Joshua Tree National Park, California
With its surreal, boulder-strewn landscape, it’s no surprise that Joshua Tree is one of the most spectacular spots for climbing. The rocks here are primarily composed of quartz monzonite, which are generally solid and reliable, and there are a couple thousand bouldering problems and some 8,000 routes for climbers of all skill levels. Plus, dozens of companies offer climbing instruction and guidance along with equipment for travelers who don’t have their own gear.
While Fontainebleau is best known for its stately chateau, climbers across Europe are generally more interested in its excellent bouldering opportunities. Circuits here are color-coded depending on how difficult they are, and there are even special problems just for kids. Plus, it’s a short jaunt from Paris, making it an easy day trip from the French capital.
Railay Beach, Thailand
Krabi’s Railay Beach is by far Thailand’s most famous spot to go climbing, particularly for sport climbers. In fact, climbing is so popular here that plenty of non-climbers visit for the turquoise waters and white sands and end up getting on the crags themselves (many companies offer beginner classes). There are hundreds of bolted routes here — the most notble of which are on the Thaiwand Wall, a gorgeous slab of granite overlooking the Andaman Sea.
Smith Rock, Oregon
Home to the first 5.14 climb in the country, Smith Rock, just outside of Bend in Oregon, is a bit of a mecca for sport climbing. The park has nearly 2,000 bolted climbs ranging from easy to super-challenging, plus plenty of spots to boulder. Just beware: Smith Rock is in the high desert, which means that the slabs can get unbearably hot if you come in the summer, and the whole park is often blanketed in snow come wintertime.
Fiordland National Park, New Zealand
With its gorgeous wilderness and strong outdoorsy culture, it’s no surprise that New Zealand is an excellent climbing destination. Fiordland National Park on the South Island is a particularly popular spot, with all sorts of routes, particularly in the Darran Mountains and the Borland Valley. The Babylon Crag offers some of the most challenging routes in the mountains, if not the country.
The area around Moab has long been a hot spot for outdoorsy activities, largely due to its proximity to both Arches National Park and Canyonlands National Park. While Arches in particular offers all sorts of routes for various levels, the biggest draw here — at least for advanced climbers — is the Finger of Fate climb on The Titan, the largest of the Fisher Towers and one of the country’s best-known climbs.
Acadia National Park, Maine
One of the most popular destinations for rock climbing on the East Coast, Acadia National Park features multiple spots to indulge in the sport, with options ranging from beginner routes up to 5.12s (tougher).

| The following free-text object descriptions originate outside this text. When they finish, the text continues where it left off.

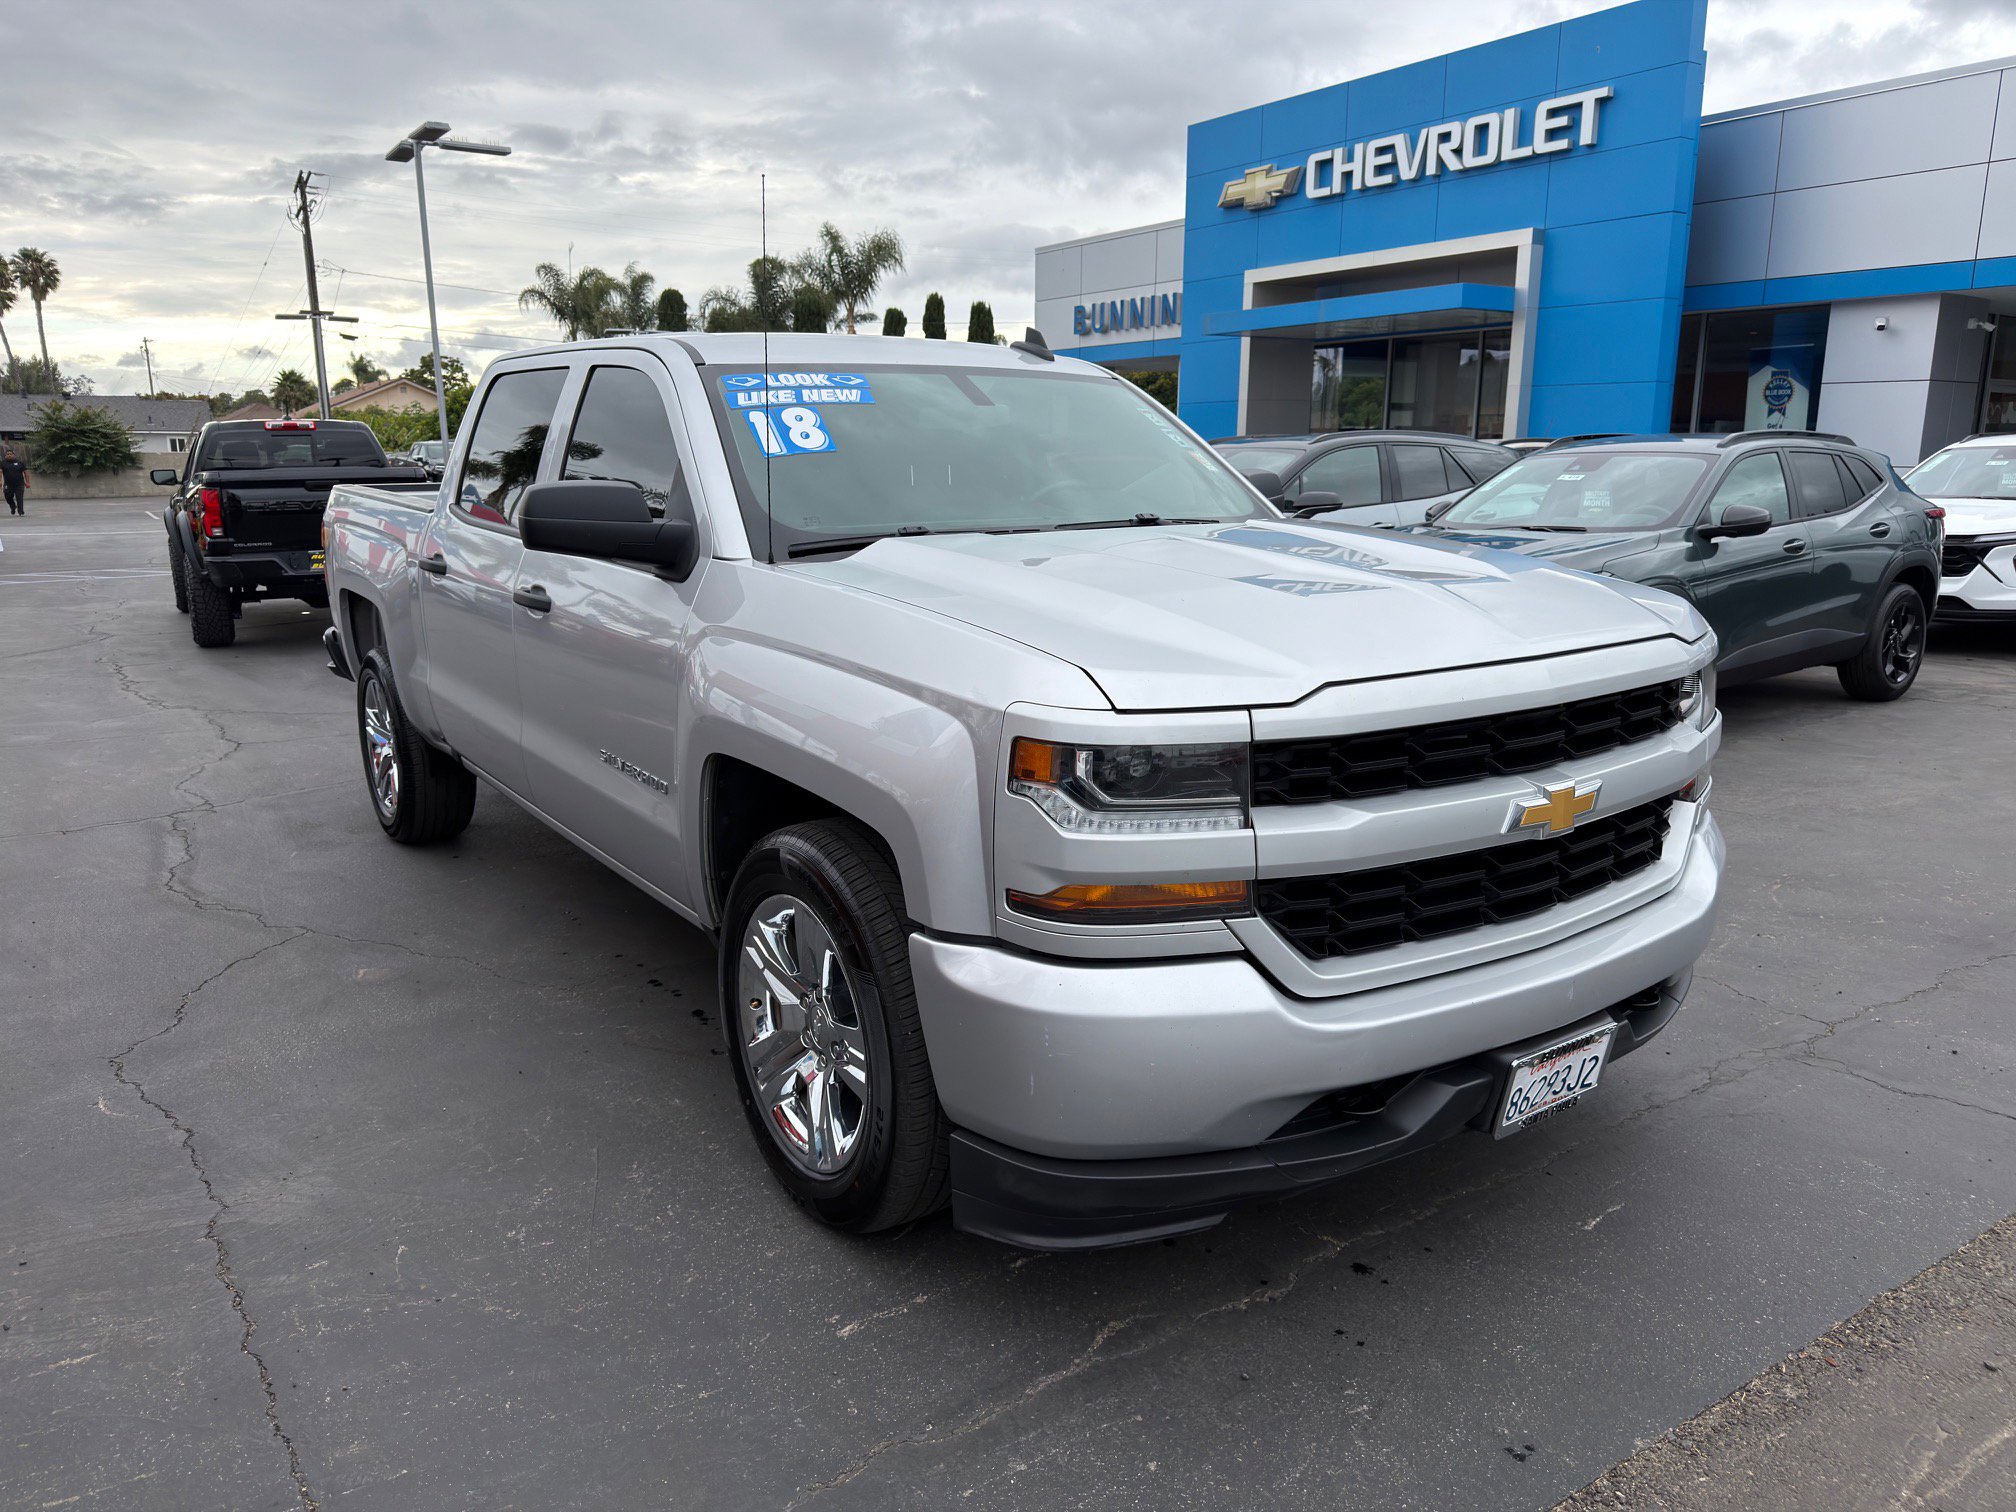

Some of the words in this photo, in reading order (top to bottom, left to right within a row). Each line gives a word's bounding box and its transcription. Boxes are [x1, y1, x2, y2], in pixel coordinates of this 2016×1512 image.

[1305, 86, 1614, 200] CHEVROLET
[1073, 292, 1182, 336] BUNNIN
[737, 390, 797, 406] LIKE
[802, 389, 862, 403] NEW
[764, 373, 835, 387] LOOK
[748, 407, 830, 454] 18
[599, 749, 668, 795] SILVERADO
[1540, 1033, 1596, 1063] BUNNIN
[1505, 1054, 1600, 1121] 86293J2
[1520, 1109, 1548, 1130] SANTA
[1551, 1097, 1578, 1117] PAULA

Many even offer lovely sea views. The rock here is primarily pink granite, which is grippy and good for friction climbing. Numerous schools in Bar Harbor offer classes, guided climbs, and equipment rentals.
Yosemite National Park, California
With its tall granite rock formations set against a beautiful forested background, Yosemite National Park has long been a hot spot for climbers. While there are tons of places to climb here — notably at Half Dome and in the Yosemite Falls area — the park’s most famous spot to climb is the magnificent El Capitan. The best-known section here, The Nose, has been climbed by seriously brave free climbers; the first person to climb it without any aid was a woman by the name of Lynn Hill, who made it up in 1993.